• _TASK TO COMPLETE_
Reproduce the data, keeping every word exactly as it is.

• _DATA RECORDS_
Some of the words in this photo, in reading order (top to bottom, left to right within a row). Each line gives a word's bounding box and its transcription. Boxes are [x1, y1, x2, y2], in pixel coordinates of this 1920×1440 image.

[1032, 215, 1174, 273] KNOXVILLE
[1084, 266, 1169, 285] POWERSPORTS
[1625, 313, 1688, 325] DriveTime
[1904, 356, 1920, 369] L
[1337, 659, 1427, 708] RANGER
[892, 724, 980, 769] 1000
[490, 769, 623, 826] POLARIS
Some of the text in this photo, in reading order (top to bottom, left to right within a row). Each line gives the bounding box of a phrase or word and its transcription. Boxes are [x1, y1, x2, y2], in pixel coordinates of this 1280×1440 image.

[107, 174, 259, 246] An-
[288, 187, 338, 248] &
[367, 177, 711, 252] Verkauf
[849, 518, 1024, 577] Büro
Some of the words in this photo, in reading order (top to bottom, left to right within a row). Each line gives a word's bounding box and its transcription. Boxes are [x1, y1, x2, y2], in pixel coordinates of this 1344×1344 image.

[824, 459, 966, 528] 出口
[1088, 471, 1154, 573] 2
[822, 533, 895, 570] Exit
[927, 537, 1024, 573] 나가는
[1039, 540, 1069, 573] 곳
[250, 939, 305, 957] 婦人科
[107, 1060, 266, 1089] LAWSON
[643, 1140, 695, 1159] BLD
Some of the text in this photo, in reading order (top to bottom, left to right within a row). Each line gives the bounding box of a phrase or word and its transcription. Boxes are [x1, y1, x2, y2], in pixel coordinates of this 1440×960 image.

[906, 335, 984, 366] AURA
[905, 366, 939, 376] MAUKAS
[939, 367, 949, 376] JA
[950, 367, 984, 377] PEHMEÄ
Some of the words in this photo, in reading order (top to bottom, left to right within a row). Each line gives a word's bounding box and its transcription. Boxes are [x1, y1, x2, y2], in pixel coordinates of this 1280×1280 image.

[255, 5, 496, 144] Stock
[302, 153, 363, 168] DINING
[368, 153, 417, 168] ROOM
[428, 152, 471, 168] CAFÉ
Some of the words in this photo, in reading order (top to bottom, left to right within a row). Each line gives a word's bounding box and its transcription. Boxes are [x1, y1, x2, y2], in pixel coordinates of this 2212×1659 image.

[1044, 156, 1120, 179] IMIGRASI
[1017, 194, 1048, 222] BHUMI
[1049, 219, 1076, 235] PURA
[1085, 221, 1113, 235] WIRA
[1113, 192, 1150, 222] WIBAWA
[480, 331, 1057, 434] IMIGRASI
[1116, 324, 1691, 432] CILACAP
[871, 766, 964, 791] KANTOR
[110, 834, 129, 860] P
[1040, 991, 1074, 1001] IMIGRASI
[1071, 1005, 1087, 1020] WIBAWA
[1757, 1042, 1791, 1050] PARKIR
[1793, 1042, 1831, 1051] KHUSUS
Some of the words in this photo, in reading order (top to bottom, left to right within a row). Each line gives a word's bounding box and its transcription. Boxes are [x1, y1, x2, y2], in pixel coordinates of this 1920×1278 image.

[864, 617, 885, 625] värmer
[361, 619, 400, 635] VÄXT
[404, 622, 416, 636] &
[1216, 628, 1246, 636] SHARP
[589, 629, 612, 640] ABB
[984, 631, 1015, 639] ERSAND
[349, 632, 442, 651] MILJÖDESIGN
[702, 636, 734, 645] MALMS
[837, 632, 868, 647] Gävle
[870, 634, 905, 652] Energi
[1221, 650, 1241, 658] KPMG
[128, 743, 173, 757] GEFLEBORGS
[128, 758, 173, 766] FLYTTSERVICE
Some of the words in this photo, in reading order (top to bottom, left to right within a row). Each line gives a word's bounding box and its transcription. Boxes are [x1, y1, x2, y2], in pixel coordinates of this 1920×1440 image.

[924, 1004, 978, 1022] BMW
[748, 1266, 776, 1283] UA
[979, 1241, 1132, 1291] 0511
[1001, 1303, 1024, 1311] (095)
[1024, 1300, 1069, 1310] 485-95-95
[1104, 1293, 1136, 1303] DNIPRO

• _ANSWER BOX_
Some of the words in this photo, in reading order (top to bottom, left to right within a row). Each line gives a word's bounding box and its transcription. Boxes are [x1, y1, x2, y2], in pixel coordinates of this 1920×1440 image.

[1032, 215, 1174, 273] KNOXVILLE
[1084, 266, 1169, 285] POWERSPORTS
[1625, 313, 1688, 325] DriveTime
[1904, 356, 1920, 369] L
[1337, 659, 1427, 708] RANGER
[892, 724, 980, 769] 1000
[490, 769, 623, 826] POLARIS
Some of the text in this photo, in reading order (top to bottom, left to right within a row). Each line gives the bounding box of a phrase or word and its transcription. Boxes are [x1, y1, x2, y2], in pixel coordinates of this 1280×1440 image.

[107, 174, 259, 246] An-
[288, 187, 338, 248] &
[367, 177, 711, 252] Verkauf
[849, 518, 1024, 577] Büro
Some of the words in this photo, in reading order (top to bottom, left to right within a row). Each line gives a word's bounding box and its transcription. Boxes are [x1, y1, x2, y2], in pixel coordinates of this 1344×1344 image.

[824, 459, 966, 528] 出口
[1088, 471, 1154, 573] 2
[822, 533, 895, 570] Exit
[927, 537, 1024, 573] 나가는
[1039, 540, 1069, 573] 곳
[250, 939, 305, 957] 婦人科
[107, 1060, 266, 1089] LAWSON
[643, 1140, 695, 1159] BLD
Some of the text in this photo, in reading order (top to bottom, left to right within a row). Each line gives the bounding box of a phrase or word and its transcription. Boxes are [x1, y1, x2, y2], in pixel coordinates of this 1440×960 image.

[906, 335, 984, 366] AURA
[905, 366, 939, 376] MAUKAS
[939, 367, 949, 376] JA
[950, 367, 984, 377] PEHMEÄ
Some of the words in this photo, in reading order (top to bottom, left to right within a row). Each line gives a word's bounding box and its transcription. Boxes are [x1, y1, x2, y2], in pixel coordinates of this 1280×1280 image.

[255, 5, 496, 144] Stock
[302, 153, 363, 168] DINING
[368, 153, 417, 168] ROOM
[428, 152, 471, 168] CAFÉ
Some of the words in this photo, in reading order (top to bottom, left to right within a row). Each line gives a word's bounding box and its transcription. Boxes are [x1, y1, x2, y2], in pixel coordinates of this 2212×1659 image.

[1044, 156, 1120, 179] IMIGRASI
[1017, 194, 1048, 222] BHUMI
[1049, 219, 1076, 235] PURA
[1085, 221, 1113, 235] WIRA
[1113, 192, 1150, 222] WIBAWA
[480, 331, 1057, 434] IMIGRASI
[1116, 324, 1691, 432] CILACAP
[871, 766, 964, 791] KANTOR
[110, 834, 129, 860] P
[1040, 991, 1074, 1001] IMIGRASI
[1071, 1005, 1087, 1020] WIBAWA
[1757, 1042, 1791, 1050] PARKIR
[1793, 1042, 1831, 1051] KHUSUS
Some of the words in this photo, in reading order (top to bottom, left to right within a row). Each line gives a word's bounding box and its transcription. Boxes are [x1, y1, x2, y2], in pixel coordinates of this 1920×1278 image.

[864, 617, 885, 625] värmer
[361, 619, 400, 635] VÄXT
[404, 622, 416, 636] &
[1216, 628, 1246, 636] SHARP
[589, 629, 612, 640] ABB
[984, 631, 1015, 639] ERSAND
[349, 632, 442, 651] MILJÖDESIGN
[702, 636, 734, 645] MALMS
[837, 632, 868, 647] Gävle
[870, 634, 905, 652] Energi
[1221, 650, 1241, 658] KPMG
[128, 743, 173, 757] GEFLEBORGS
[128, 758, 173, 766] FLYTTSERVICE
Some of the words in this photo, in reading order (top to bottom, left to right within a row). Each line gives a word's bounding box and its transcription. Boxes are [x1, y1, x2, y2], in pixel coordinates of this 1920×1440 image.

[924, 1004, 978, 1022] BMW
[748, 1266, 776, 1283] UA
[979, 1241, 1132, 1291] 0511
[1001, 1303, 1024, 1311] (095)
[1024, 1300, 1069, 1310] 485-95-95
[1104, 1293, 1136, 1303] DNIPRO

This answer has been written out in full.